Top of RECORDS TO PROCESS

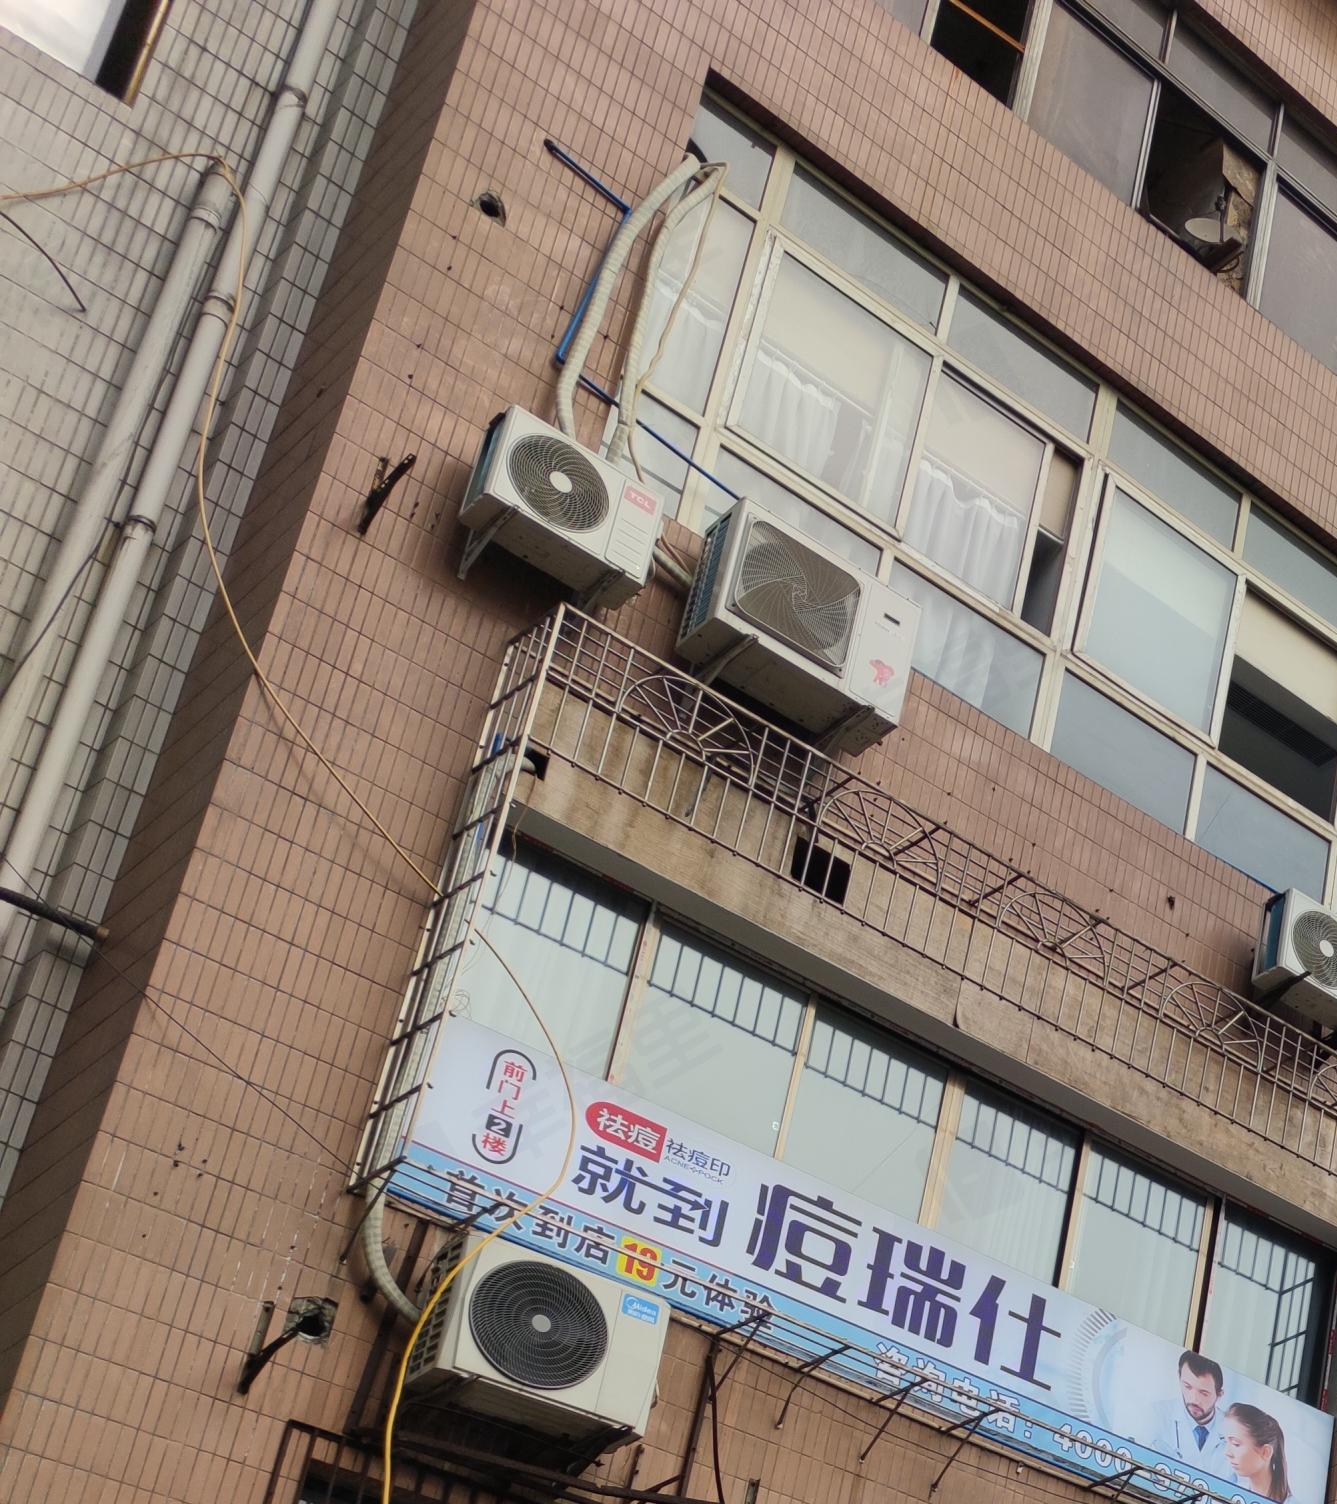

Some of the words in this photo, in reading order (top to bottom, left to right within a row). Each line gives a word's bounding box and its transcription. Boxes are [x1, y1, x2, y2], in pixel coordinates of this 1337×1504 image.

[629, 490, 653, 510] TCL
[481, 1060, 527, 1156] 前门上2楼
[596, 1106, 663, 1155] 祛痘
[665, 1137, 732, 1178] 祛痘印
[571, 1144, 730, 1248] 就到
[746, 1183, 1062, 1392] 痘瑞仕
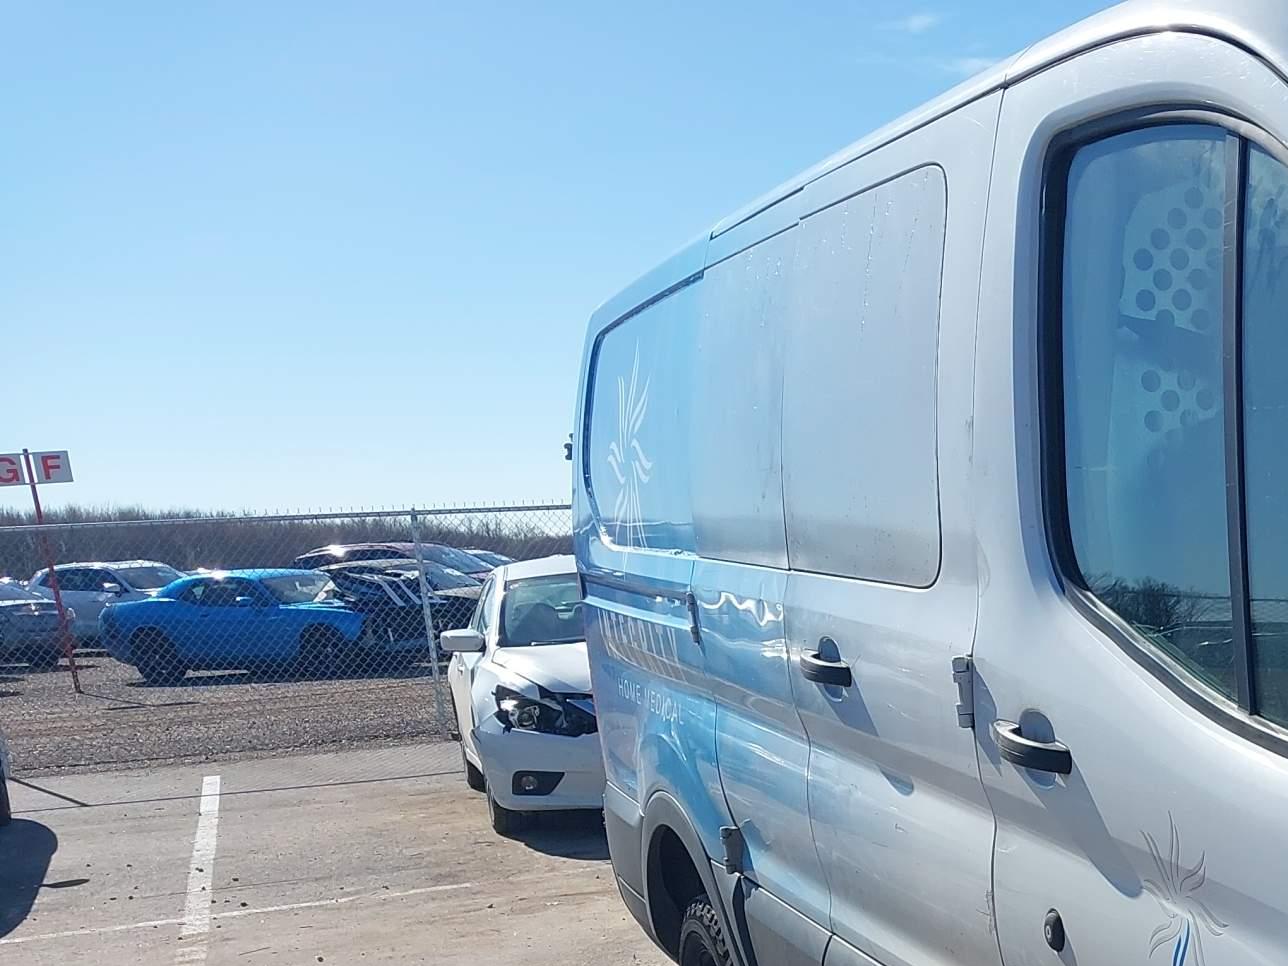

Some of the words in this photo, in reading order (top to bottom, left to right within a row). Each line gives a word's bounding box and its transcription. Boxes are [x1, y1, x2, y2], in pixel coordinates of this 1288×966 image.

[0, 456, 20, 483] G
[41, 454, 60, 480] F
[617, 677, 641, 705] HOME
[644, 687, 684, 725] MEDICAL

Bottom of RECORDS TO PROCESS

● INSTRUCTIONS FOR THE TASK:
For this exercise, copy the entries above exactly and skip any picture.

● SOLUTION FOR THIS TASK:
Some of the words in this photo, in reading order (top to bottom, left to right within a row). Each line gives a word's bounding box and its transcription. Boxes are [x1, y1, x2, y2], in pixel coordinates of this 1337×1504 image.

[629, 490, 653, 510] TCL
[481, 1060, 527, 1156] 前门上2楼
[596, 1106, 663, 1155] 祛痘
[665, 1137, 732, 1178] 祛痘印
[571, 1144, 730, 1248] 就到
[746, 1183, 1062, 1392] 痘瑞仕

Some of the words in this photo, in reading order (top to bottom, left to right within a row). Each line gives a word's bounding box and its transcription. Boxes are [x1, y1, x2, y2], in pixel coordinates of this 1288×966 image.

[0, 456, 20, 483] G
[41, 454, 60, 480] F
[617, 677, 641, 705] HOME
[644, 687, 684, 725] MEDICAL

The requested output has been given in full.